Give the records again exactly, with every character kept.

══ Records shown

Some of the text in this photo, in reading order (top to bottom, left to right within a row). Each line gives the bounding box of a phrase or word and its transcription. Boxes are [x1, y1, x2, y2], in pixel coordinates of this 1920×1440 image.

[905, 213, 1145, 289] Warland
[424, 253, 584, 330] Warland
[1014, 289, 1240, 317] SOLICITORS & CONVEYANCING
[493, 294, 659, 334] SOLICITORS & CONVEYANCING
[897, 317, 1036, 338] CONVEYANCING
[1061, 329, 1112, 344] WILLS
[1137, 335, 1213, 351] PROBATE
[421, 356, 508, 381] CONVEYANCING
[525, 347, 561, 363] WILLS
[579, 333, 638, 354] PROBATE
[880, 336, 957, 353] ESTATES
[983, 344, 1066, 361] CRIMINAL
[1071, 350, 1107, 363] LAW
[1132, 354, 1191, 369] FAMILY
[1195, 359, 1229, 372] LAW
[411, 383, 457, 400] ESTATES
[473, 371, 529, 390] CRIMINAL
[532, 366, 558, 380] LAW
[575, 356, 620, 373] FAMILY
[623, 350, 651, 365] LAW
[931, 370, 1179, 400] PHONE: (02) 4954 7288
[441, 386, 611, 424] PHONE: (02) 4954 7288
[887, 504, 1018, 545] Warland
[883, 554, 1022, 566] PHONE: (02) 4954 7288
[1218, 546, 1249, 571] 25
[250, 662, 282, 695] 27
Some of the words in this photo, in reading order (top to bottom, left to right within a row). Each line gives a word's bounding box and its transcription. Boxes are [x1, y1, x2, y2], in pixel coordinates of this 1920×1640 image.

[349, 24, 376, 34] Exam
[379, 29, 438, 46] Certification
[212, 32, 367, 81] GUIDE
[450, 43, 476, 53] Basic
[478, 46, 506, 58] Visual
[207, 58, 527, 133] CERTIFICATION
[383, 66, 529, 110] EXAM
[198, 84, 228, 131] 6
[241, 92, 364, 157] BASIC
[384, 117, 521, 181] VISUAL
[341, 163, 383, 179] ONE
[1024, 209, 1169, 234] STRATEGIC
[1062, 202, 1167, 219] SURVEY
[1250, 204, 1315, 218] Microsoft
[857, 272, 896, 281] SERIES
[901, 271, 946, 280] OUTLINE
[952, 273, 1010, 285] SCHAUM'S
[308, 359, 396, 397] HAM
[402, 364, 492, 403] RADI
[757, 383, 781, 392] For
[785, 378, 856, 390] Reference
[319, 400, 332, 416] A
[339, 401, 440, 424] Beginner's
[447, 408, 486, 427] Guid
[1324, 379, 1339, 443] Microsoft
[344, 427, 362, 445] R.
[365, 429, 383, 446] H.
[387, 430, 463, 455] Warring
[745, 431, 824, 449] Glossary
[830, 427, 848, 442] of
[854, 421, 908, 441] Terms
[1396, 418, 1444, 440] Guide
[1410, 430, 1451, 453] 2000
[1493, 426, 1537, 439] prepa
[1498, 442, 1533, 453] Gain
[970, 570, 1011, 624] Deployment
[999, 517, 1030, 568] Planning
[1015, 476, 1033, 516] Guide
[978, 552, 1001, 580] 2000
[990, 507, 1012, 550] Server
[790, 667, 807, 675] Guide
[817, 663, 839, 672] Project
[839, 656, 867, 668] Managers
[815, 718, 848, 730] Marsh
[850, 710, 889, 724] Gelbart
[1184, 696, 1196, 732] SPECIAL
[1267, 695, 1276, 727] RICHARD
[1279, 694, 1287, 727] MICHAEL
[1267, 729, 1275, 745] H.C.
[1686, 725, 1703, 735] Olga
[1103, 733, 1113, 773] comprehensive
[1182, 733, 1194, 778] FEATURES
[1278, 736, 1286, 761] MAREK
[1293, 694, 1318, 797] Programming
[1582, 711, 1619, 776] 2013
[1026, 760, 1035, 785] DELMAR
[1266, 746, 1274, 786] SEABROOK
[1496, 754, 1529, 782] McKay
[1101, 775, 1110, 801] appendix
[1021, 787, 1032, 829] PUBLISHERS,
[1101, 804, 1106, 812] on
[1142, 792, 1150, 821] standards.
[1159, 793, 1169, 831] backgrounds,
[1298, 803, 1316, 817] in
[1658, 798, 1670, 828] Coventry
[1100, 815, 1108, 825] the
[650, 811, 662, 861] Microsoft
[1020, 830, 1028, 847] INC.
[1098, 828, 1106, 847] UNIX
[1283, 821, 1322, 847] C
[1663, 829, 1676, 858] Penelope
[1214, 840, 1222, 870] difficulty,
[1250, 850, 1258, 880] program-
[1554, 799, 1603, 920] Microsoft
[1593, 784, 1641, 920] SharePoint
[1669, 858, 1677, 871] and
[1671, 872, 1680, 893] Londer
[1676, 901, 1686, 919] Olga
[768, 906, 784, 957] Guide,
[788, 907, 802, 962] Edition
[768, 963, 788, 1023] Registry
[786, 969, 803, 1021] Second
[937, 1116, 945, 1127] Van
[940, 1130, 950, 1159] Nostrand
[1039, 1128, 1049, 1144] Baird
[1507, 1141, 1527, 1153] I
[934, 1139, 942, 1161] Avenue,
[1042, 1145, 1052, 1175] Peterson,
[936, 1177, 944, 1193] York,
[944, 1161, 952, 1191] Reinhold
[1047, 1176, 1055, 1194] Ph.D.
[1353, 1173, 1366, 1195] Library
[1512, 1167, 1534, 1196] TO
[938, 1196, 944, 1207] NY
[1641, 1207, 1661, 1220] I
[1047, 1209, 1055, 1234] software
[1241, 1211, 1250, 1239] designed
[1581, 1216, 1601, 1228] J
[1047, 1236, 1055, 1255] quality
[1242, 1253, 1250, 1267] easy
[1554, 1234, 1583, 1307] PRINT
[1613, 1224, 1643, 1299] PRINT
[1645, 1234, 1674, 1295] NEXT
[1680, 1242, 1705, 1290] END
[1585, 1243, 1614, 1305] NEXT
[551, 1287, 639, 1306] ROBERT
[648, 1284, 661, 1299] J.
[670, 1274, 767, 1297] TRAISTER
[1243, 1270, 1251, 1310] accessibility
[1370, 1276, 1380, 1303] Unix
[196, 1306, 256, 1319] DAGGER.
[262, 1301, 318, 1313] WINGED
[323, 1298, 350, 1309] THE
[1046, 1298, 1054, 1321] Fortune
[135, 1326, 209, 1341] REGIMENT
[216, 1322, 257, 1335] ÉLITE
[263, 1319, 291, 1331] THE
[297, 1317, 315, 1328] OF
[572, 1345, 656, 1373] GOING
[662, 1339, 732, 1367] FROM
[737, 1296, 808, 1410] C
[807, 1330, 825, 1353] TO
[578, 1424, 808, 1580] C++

════

(Response for this exercise)
Some of the text in this photo, in reading order (top to bottom, left to right within a row). Each line gives the bounding box of a phrase or word and its transcription. Boxes are [x1, y1, x2, y2], in pixel coordinates of this 1920×1440 image.

[905, 213, 1145, 289] Warland
[424, 253, 584, 330] Warland
[1014, 289, 1240, 317] SOLICITORS & CONVEYANCING
[493, 294, 659, 334] SOLICITORS & CONVEYANCING
[897, 317, 1036, 338] CONVEYANCING
[1061, 329, 1112, 344] WILLS
[1137, 335, 1213, 351] PROBATE
[421, 356, 508, 381] CONVEYANCING
[525, 347, 561, 363] WILLS
[579, 333, 638, 354] PROBATE
[880, 336, 957, 353] ESTATES
[983, 344, 1066, 361] CRIMINAL
[1071, 350, 1107, 363] LAW
[1132, 354, 1191, 369] FAMILY
[1195, 359, 1229, 372] LAW
[411, 383, 457, 400] ESTATES
[473, 371, 529, 390] CRIMINAL
[532, 366, 558, 380] LAW
[575, 356, 620, 373] FAMILY
[623, 350, 651, 365] LAW
[931, 370, 1179, 400] PHONE: (02) 4954 7288
[441, 386, 611, 424] PHONE: (02) 4954 7288
[887, 504, 1018, 545] Warland
[883, 554, 1022, 566] PHONE: (02) 4954 7288
[1218, 546, 1249, 571] 25
[250, 662, 282, 695] 27
Some of the words in this photo, in reading order (top to bottom, left to right within a row). Each line gives a word's bounding box and its transcription. Boxes are [x1, y1, x2, y2], in pixel coordinates of this 1920×1640 image.

[349, 24, 376, 34] Exam
[379, 29, 438, 46] Certification
[212, 32, 367, 81] GUIDE
[450, 43, 476, 53] Basic
[478, 46, 506, 58] Visual
[207, 58, 527, 133] CERTIFICATION
[383, 66, 529, 110] EXAM
[198, 84, 228, 131] 6
[241, 92, 364, 157] BASIC
[384, 117, 521, 181] VISUAL
[341, 163, 383, 179] ONE
[1024, 209, 1169, 234] STRATEGIC
[1062, 202, 1167, 219] SURVEY
[1250, 204, 1315, 218] Microsoft
[857, 272, 896, 281] SERIES
[901, 271, 946, 280] OUTLINE
[952, 273, 1010, 285] SCHAUM'S
[308, 359, 396, 397] HAM
[402, 364, 492, 403] RADI
[757, 383, 781, 392] For
[785, 378, 856, 390] Reference
[319, 400, 332, 416] A
[339, 401, 440, 424] Beginner's
[447, 408, 486, 427] Guid
[1324, 379, 1339, 443] Microsoft
[344, 427, 362, 445] R.
[365, 429, 383, 446] H.
[387, 430, 463, 455] Warring
[745, 431, 824, 449] Glossary
[830, 427, 848, 442] of
[854, 421, 908, 441] Terms
[1396, 418, 1444, 440] Guide
[1410, 430, 1451, 453] 2000
[1493, 426, 1537, 439] prepa
[1498, 442, 1533, 453] Gain
[970, 570, 1011, 624] Deployment
[999, 517, 1030, 568] Planning
[1015, 476, 1033, 516] Guide
[978, 552, 1001, 580] 2000
[990, 507, 1012, 550] Server
[790, 667, 807, 675] Guide
[817, 663, 839, 672] Project
[839, 656, 867, 668] Managers
[815, 718, 848, 730] Marsh
[850, 710, 889, 724] Gelbart
[1184, 696, 1196, 732] SPECIAL
[1267, 695, 1276, 727] RICHARD
[1279, 694, 1287, 727] MICHAEL
[1267, 729, 1275, 745] H.C.
[1686, 725, 1703, 735] Olga
[1103, 733, 1113, 773] comprehensive
[1182, 733, 1194, 778] FEATURES
[1278, 736, 1286, 761] MAREK
[1293, 694, 1318, 797] Programming
[1582, 711, 1619, 776] 2013
[1026, 760, 1035, 785] DELMAR
[1266, 746, 1274, 786] SEABROOK
[1496, 754, 1529, 782] McKay
[1101, 775, 1110, 801] appendix
[1021, 787, 1032, 829] PUBLISHERS,
[1101, 804, 1106, 812] on
[1142, 792, 1150, 821] standards.
[1159, 793, 1169, 831] backgrounds,
[1298, 803, 1316, 817] in
[1658, 798, 1670, 828] Coventry
[1100, 815, 1108, 825] the
[650, 811, 662, 861] Microsoft
[1020, 830, 1028, 847] INC.
[1098, 828, 1106, 847] UNIX
[1283, 821, 1322, 847] C
[1663, 829, 1676, 858] Penelope
[1214, 840, 1222, 870] difficulty,
[1250, 850, 1258, 880] program-
[1554, 799, 1603, 920] Microsoft
[1593, 784, 1641, 920] SharePoint
[1669, 858, 1677, 871] and
[1671, 872, 1680, 893] Londer
[1676, 901, 1686, 919] Olga
[768, 906, 784, 957] Guide,
[788, 907, 802, 962] Edition
[768, 963, 788, 1023] Registry
[786, 969, 803, 1021] Second
[937, 1116, 945, 1127] Van
[940, 1130, 950, 1159] Nostrand
[1039, 1128, 1049, 1144] Baird
[1507, 1141, 1527, 1153] I
[934, 1139, 942, 1161] Avenue,
[1042, 1145, 1052, 1175] Peterson,
[936, 1177, 944, 1193] York,
[944, 1161, 952, 1191] Reinhold
[1047, 1176, 1055, 1194] Ph.D.
[1353, 1173, 1366, 1195] Library
[1512, 1167, 1534, 1196] TO
[938, 1196, 944, 1207] NY
[1641, 1207, 1661, 1220] I
[1047, 1209, 1055, 1234] software
[1241, 1211, 1250, 1239] designed
[1581, 1216, 1601, 1228] J
[1047, 1236, 1055, 1255] quality
[1242, 1253, 1250, 1267] easy
[1554, 1234, 1583, 1307] PRINT
[1613, 1224, 1643, 1299] PRINT
[1645, 1234, 1674, 1295] NEXT
[1680, 1242, 1705, 1290] END
[1585, 1243, 1614, 1305] NEXT
[551, 1287, 639, 1306] ROBERT
[648, 1284, 661, 1299] J.
[670, 1274, 767, 1297] TRAISTER
[1243, 1270, 1251, 1310] accessibility
[1370, 1276, 1380, 1303] Unix
[196, 1306, 256, 1319] DAGGER.
[262, 1301, 318, 1313] WINGED
[323, 1298, 350, 1309] THE
[1046, 1298, 1054, 1321] Fortune
[135, 1326, 209, 1341] REGIMENT
[216, 1322, 257, 1335] ÉLITE
[263, 1319, 291, 1331] THE
[297, 1317, 315, 1328] OF
[572, 1345, 656, 1373] GOING
[662, 1339, 732, 1367] FROM
[737, 1296, 808, 1410] C
[807, 1330, 825, 1353] TO
[578, 1424, 808, 1580] C++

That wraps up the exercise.